Data Reduction and Analysis

Data reduction pipelines combined time-stream filtering, correlated noise removal, and map-making techniques originating from experiments like BOOMERanG, MAXIMA, and BICEP2. Atmospheric common-mode subtraction used principal component analysis and matched-filter techniques analogous to those applied in SPTpol and ACTPol analyses. Point-source extraction leveraged multi-frequency priors from Planck (spacecraft) and Herschel Space Observatory, while cluster profile fitting used parametrizations compared to N-body simulations and hydrodynamical simulations from groups at Princeton University and Harvard Smithsonian Center for Astrophysics. Ancillary calibration and beam characterization drew on observations of planets and quasars monitored by facilities such as ALMA and Very Large Array.
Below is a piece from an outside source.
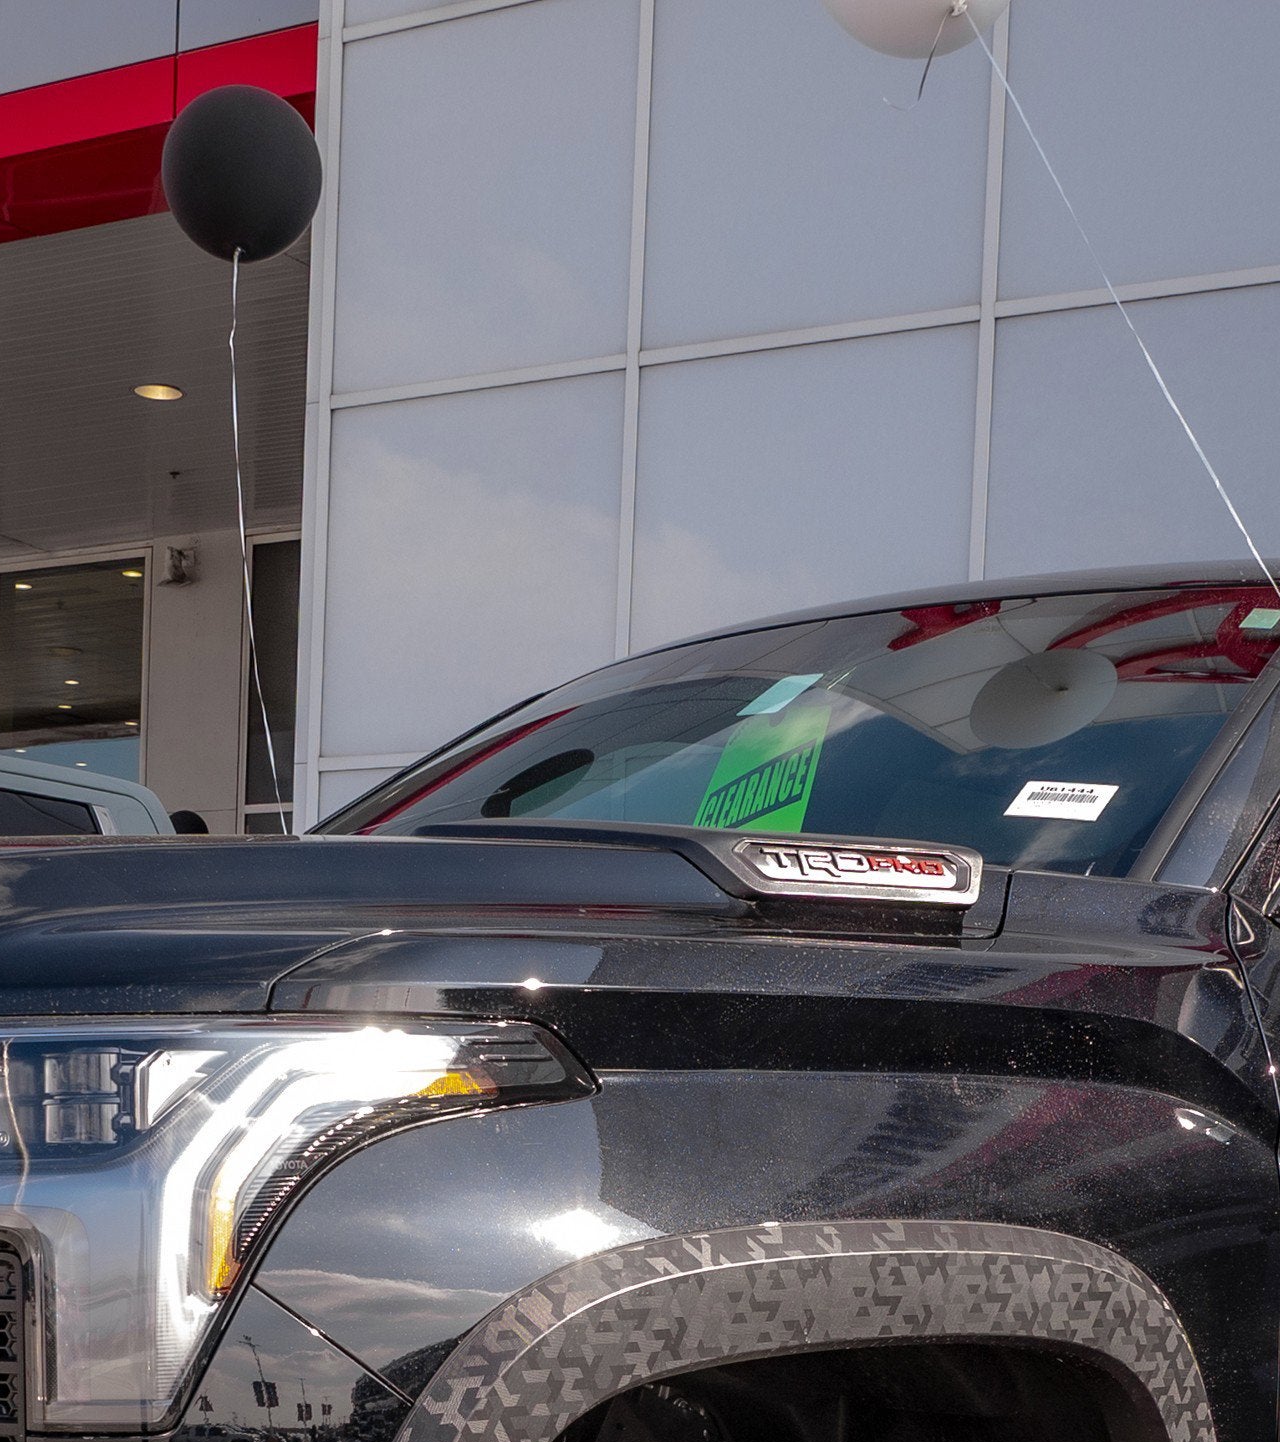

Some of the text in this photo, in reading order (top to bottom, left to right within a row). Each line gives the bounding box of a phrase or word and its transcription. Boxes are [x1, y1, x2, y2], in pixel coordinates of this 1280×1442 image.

[699, 747, 814, 829] CLEARANCE
[760, 847, 946, 878] TRD PRO
[273, 1160, 308, 1170] OYOTA
Collaborations and Project Timeline

APEX-SZ resulted from coordinated efforts among universities and institutes including the University of Chicago, University of Colorado Boulder, California Institute of Technology, Max Planck Society, MPI für Radioastronomie, and national laboratories such as Argonne National Laboratory. The design and commissioning phases overlapped with contemporaneous instrument projects like SCUBA-2, SPT, and ACT, facilitating cross-collaboration on detector technology and analysis methods. Observing campaigns spanned multiple southern hemisphere winters and aligned with data releases from Planck (spacecraft) and optical surveys such as Sloan Digital Sky Survey for multi-wavelength science.

Legacy and Impact on Millimeter Astronomy

APEX-SZ influenced subsequent instrument designs by demonstrating superconducting bolometer arrays, SQUID multiplexing, and scanning strategies at high-altitude sites—techniques adopted and refined by ALMA, SCUBA-2, SPT-3G, and Simons Observatory. Its science outputs aided cosmological parameter estimation efforts that combined microwave background, X-ray, and optical cluster probes used by collaborations including Planck (spacecraft) and Dark Energy Survey. The project fostered personnel and technical transfer to next-generation experiments at facilities like Chajnantor Plateau and the Atacama Large Millimeter/submillimeter Array, leaving a methodological and scientific legacy in millimeter-wave observational cosmology and submillimeter astrophysics.